Los verdugos esperaban que la destrucción de su familia y la vejación de su cuerpo le privasen de algo más que su salud y sus seres queridos. Suponían que podrían someterla a una existencia mezquina, a una vida atenuada por el temor y encogida por la pérdida. En 1944, al acabar la ocupación alemana en Francia, Camus dijo que nunca podría perdonar a quienes, antes de quitar la vida a sus víctimas, les habían arrebatado la inocencia. Que nunca podría aceptar a los criminales que, creyéndose dueños del destino de otros hombres y mujeres, habían convertido su vida atemorizada en un tiempo de temor, de desconsuelo, de rendición. Si la muerte es el momento supremo de la tragedia, su más infame precursora es la existencia reducida a un barrizal de espanto y de claudicación, de renuncia a los principios y de negociación aterrada de la supervivencia.
Cuando a Gorrostieta se le preguntó sobre las razones de su tenacidad, no permitió que los asesinos pudieran albergar ilusión alguna. Iba a permanecer donde siempre había estado. Iba a permanecer en su sitio porque el dolor sufrido le permitía hablar en nombre de muchos. Había logrado una trágica representación de todas las víctimas de la violencia, y no era una condición que estuviera dispuesta a abandonar. Disponía del terrible privilegio de ser la imagen en que podían sentirse ejemplificados quienes padecen persecución, los hombres y mujeres indefensos ante la brutalidad y la codicia, las criaturas sacrificadas a diario por los desalmados. Tuvo la generosidad y la plenitud moral de decidir que su vida había dejado de pertenecerle, pero también tuvo la inteligencia de comprender que, de este modo, nunca habría de pertenecer a los asesinos.

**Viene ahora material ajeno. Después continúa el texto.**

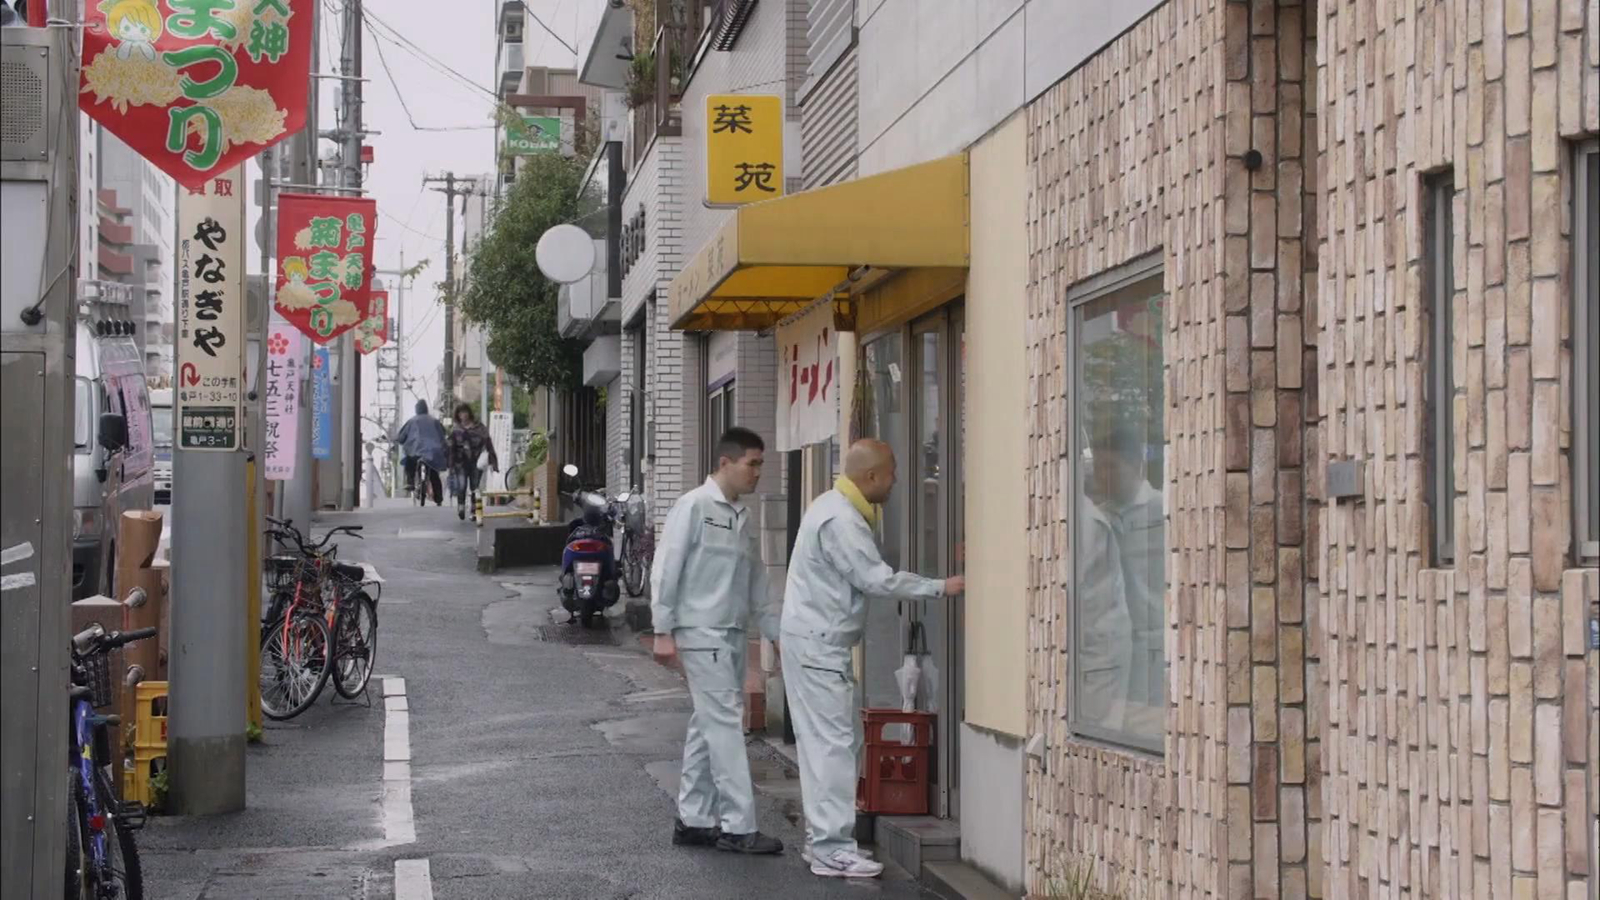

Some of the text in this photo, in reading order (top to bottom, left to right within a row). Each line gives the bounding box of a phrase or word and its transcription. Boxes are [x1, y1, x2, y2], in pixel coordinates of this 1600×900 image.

[713, 105, 776, 192] 菜苑
[194, 217, 226, 357] やなぎや
[309, 216, 344, 336] 菊まつり
[345, 213, 365, 290] 亀戸天神
[202, 376, 237, 389] この手前
[265, 359, 283, 459] 七五三祝祭
[284, 358, 297, 415] 亀戸天神社

Llevó su carga sin autocompasión, con energía, para poder decir: «Tengo que predicar con el ejemplo». Y hasta qué punto.
Nada sabemos del horror de unas últimas horas en que el cuerpo de María Santos Gorrostieta fue entregado a la violencia de sus secuestradores. Nada sabemos de ese calvario recorrido a oscuras, de esa soledad completa en la que un individuo torturado, sabedor de la cercanía de la muerte, se enfrenta a la exacta validez de su conciencia. Queremos creer que su mirada no se humilló, ni se extravió su coraje, ni se quebró la envergadura de su corazón. Podemos creer que, hasta el final, se mantuvo erguida, sobre esa representación asumida de sus vecinos, pero también siendo la expresión de todos los hombres y mujeres honrados, de los pacíficos, de los virtuosos, de los justos llamados a merecer la tierra.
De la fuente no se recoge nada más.